Task instructions:
Pictures should be excluded; otherwise, copy every entry exactly.
•••••
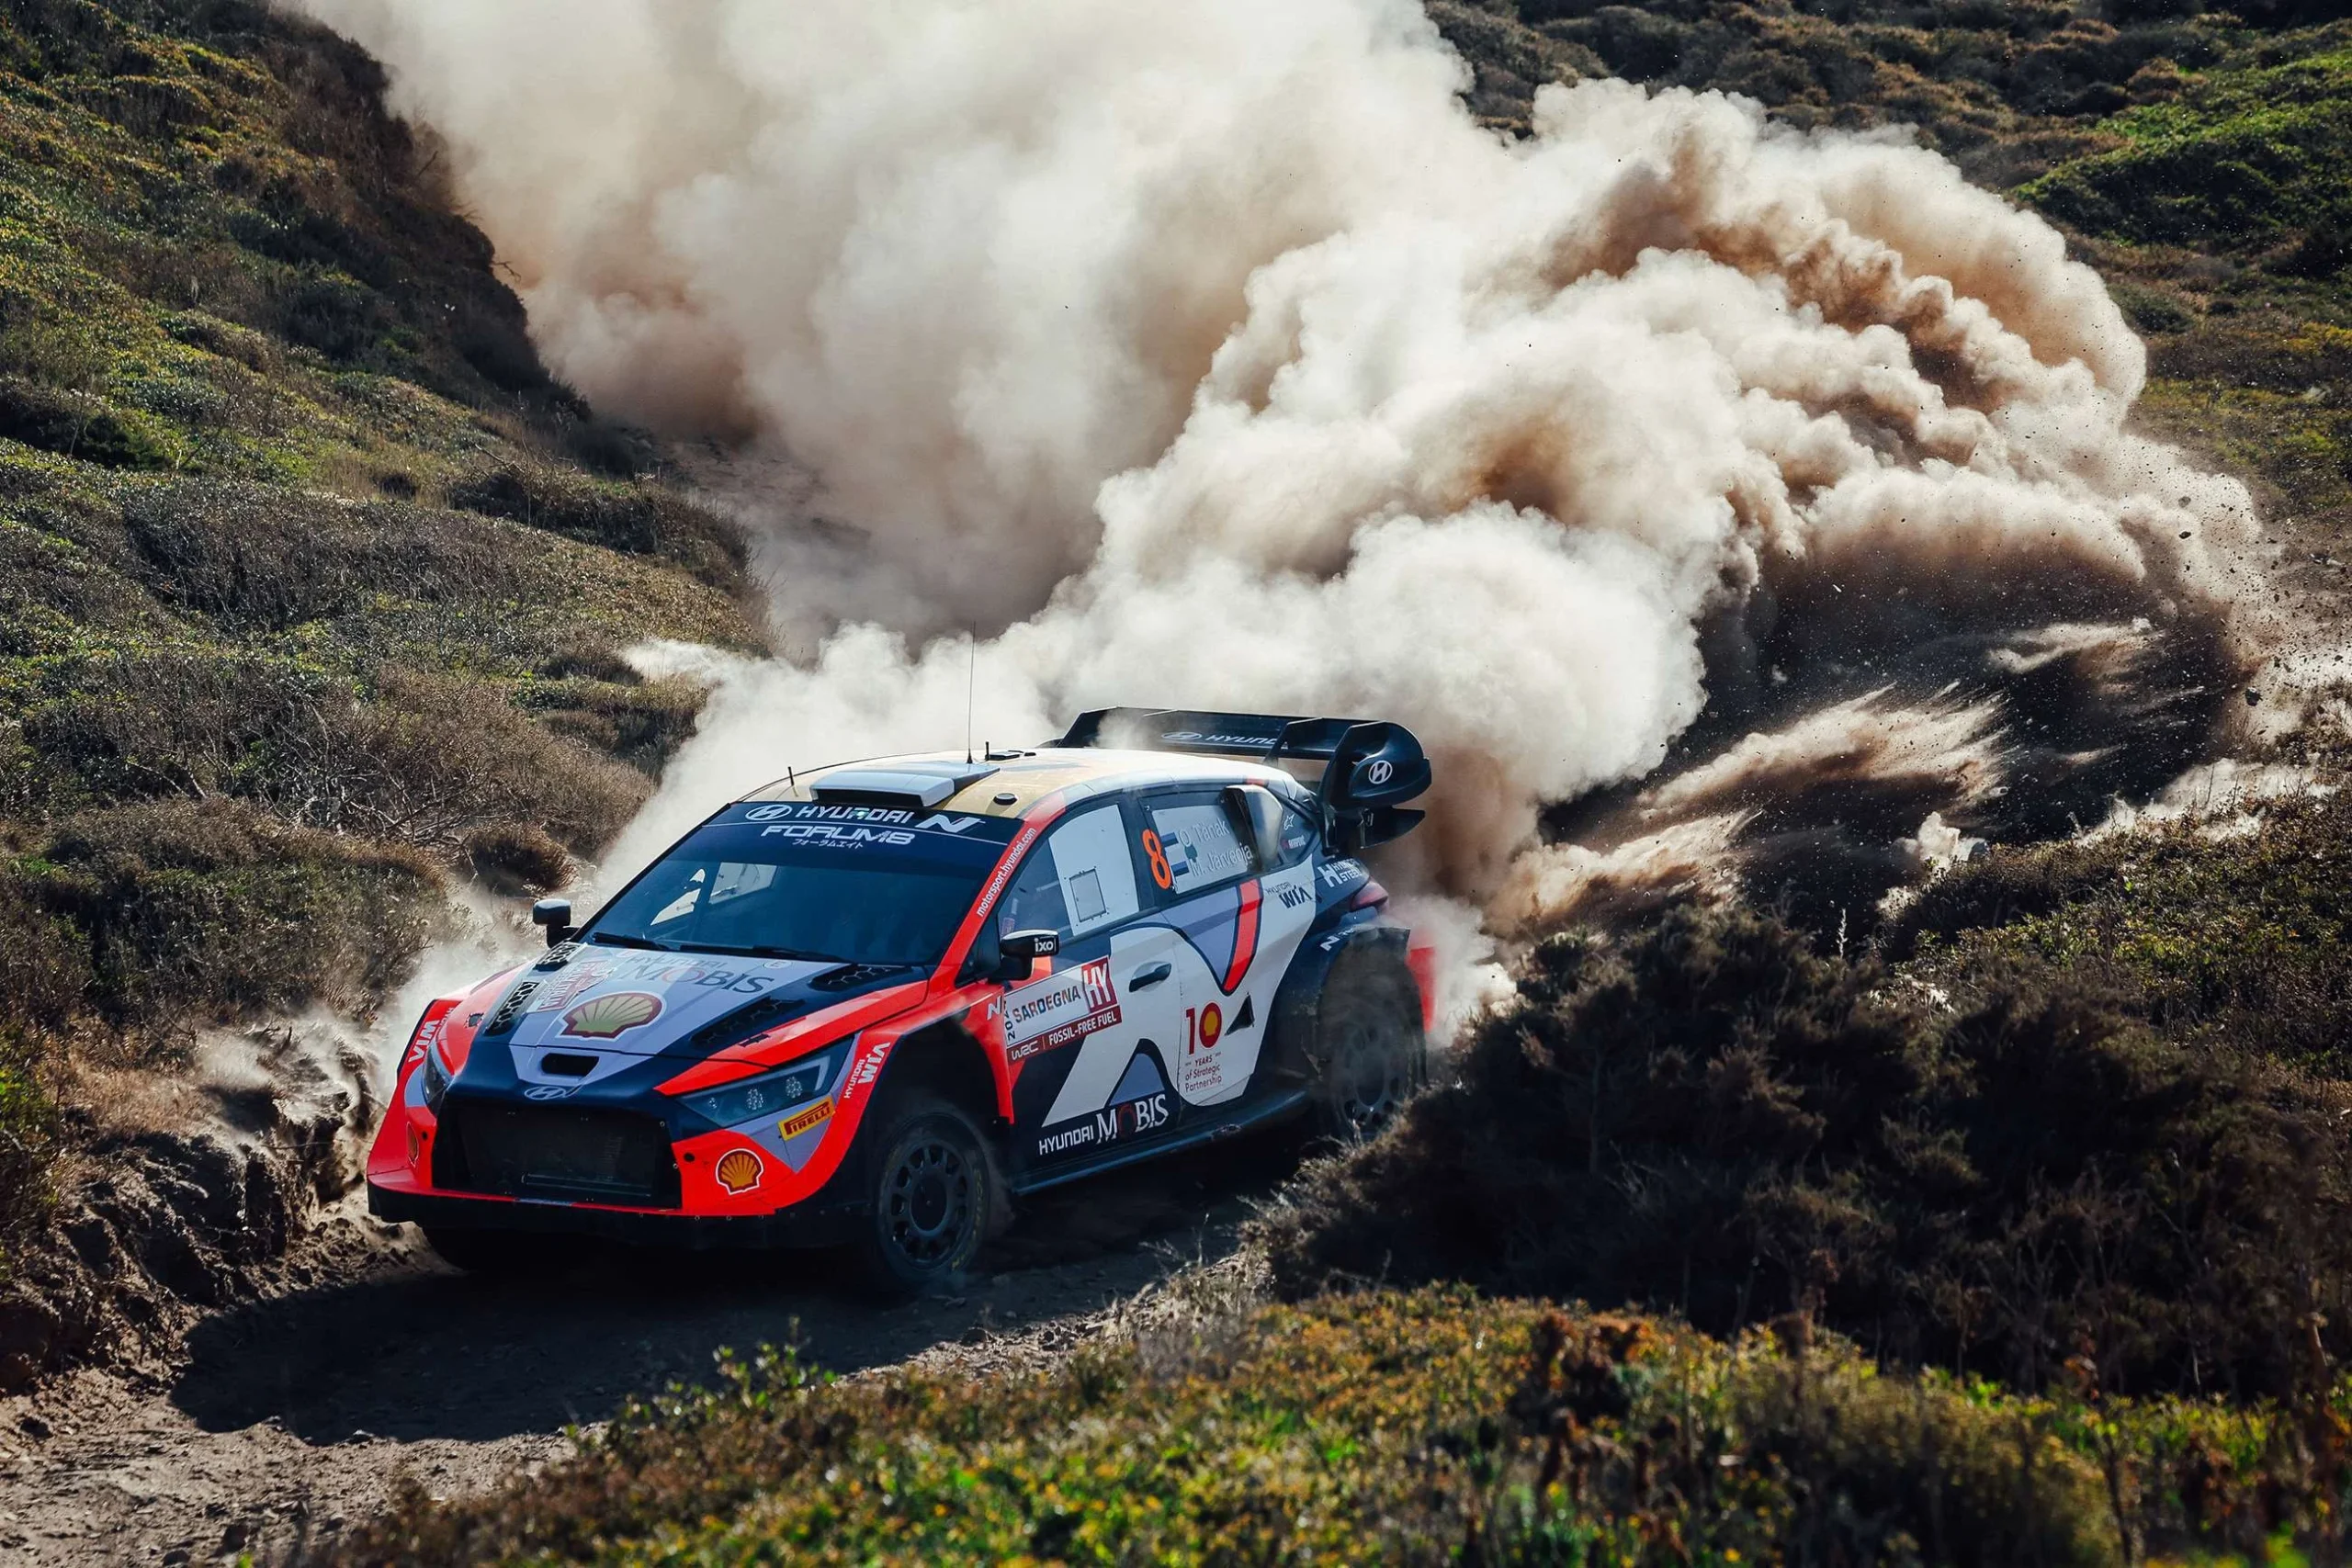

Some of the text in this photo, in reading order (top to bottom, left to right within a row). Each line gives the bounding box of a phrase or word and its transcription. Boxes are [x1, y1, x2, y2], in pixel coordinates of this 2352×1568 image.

[795, 806, 914, 824] HYUNDAI
[761, 825, 916, 845] FORUM8
[793, 838, 864, 849] フォーラムエイト
[977, 827, 1036, 917] motorsport.hyundai.com
[1142, 829, 1172, 889] 8
[1265, 882, 1292, 895] HYUNDAI
[1034, 938, 1054, 953] ixo
[619, 964, 775, 993] MOBIS
[1083, 963, 1112, 1009] HY
[1012, 986, 1081, 1023] SARDEGNA
[1011, 1010, 1117, 1061] WRC FOSSIL-FREE FUEL
[1185, 1001, 1223, 1055] 10
[1185, 1062, 1221, 1081] of Strategic
[1195, 1055, 1213, 1066] YEARS
[843, 1059, 865, 1099] HYUNDAI
[1185, 1074, 1223, 1092] Partnership
[784, 1101, 831, 1135] PIRELLI
[1038, 1094, 1170, 1156] HYUNDAI MOBIS
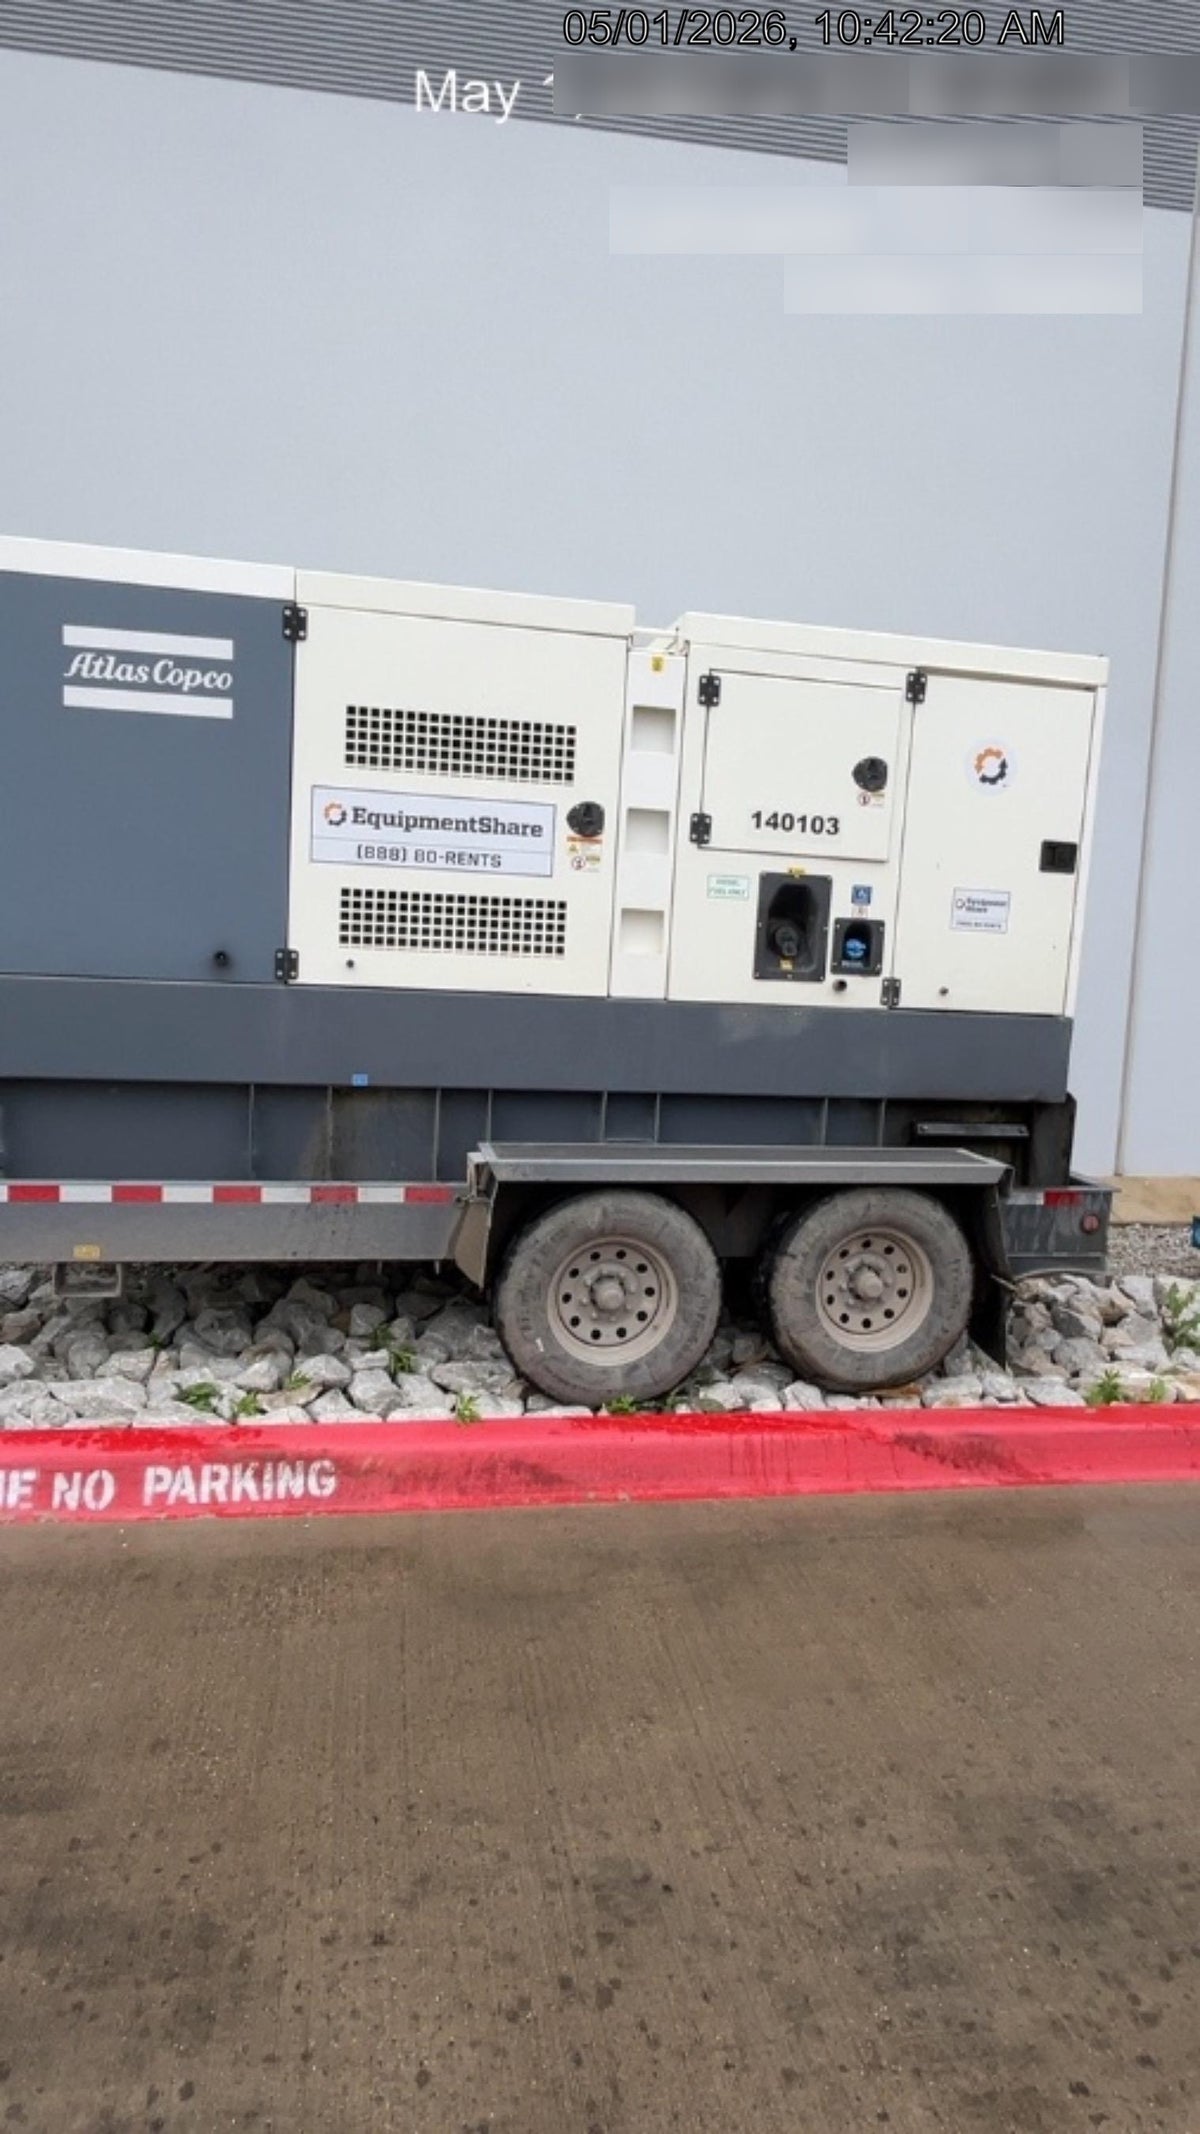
•••••
Written solution:
Some of the text in this photo, in reading order (top to bottom, left to right within a row). Each line gives the bounding box of a phrase or word and its transcription. Boxes are [x1, y1, x2, y2], in pixel coordinates of this 2352×1568 image.

[795, 806, 914, 824] HYUNDAI
[761, 825, 916, 845] FORUM8
[793, 838, 864, 849] フォーラムエイト
[977, 827, 1036, 917] motorsport.hyundai.com
[1142, 829, 1172, 889] 8
[1265, 882, 1292, 895] HYUNDAI
[1034, 938, 1054, 953] ixo
[619, 964, 775, 993] MOBIS
[1083, 963, 1112, 1009] HY
[1012, 986, 1081, 1023] SARDEGNA
[1011, 1010, 1117, 1061] WRC FOSSIL-FREE FUEL
[1185, 1001, 1223, 1055] 10
[1185, 1062, 1221, 1081] of Strategic
[1195, 1055, 1213, 1066] YEARS
[843, 1059, 865, 1099] HYUNDAI
[1185, 1074, 1223, 1092] Partnership
[784, 1101, 831, 1135] PIRELLI
[1038, 1094, 1170, 1156] HYUNDAI MOBIS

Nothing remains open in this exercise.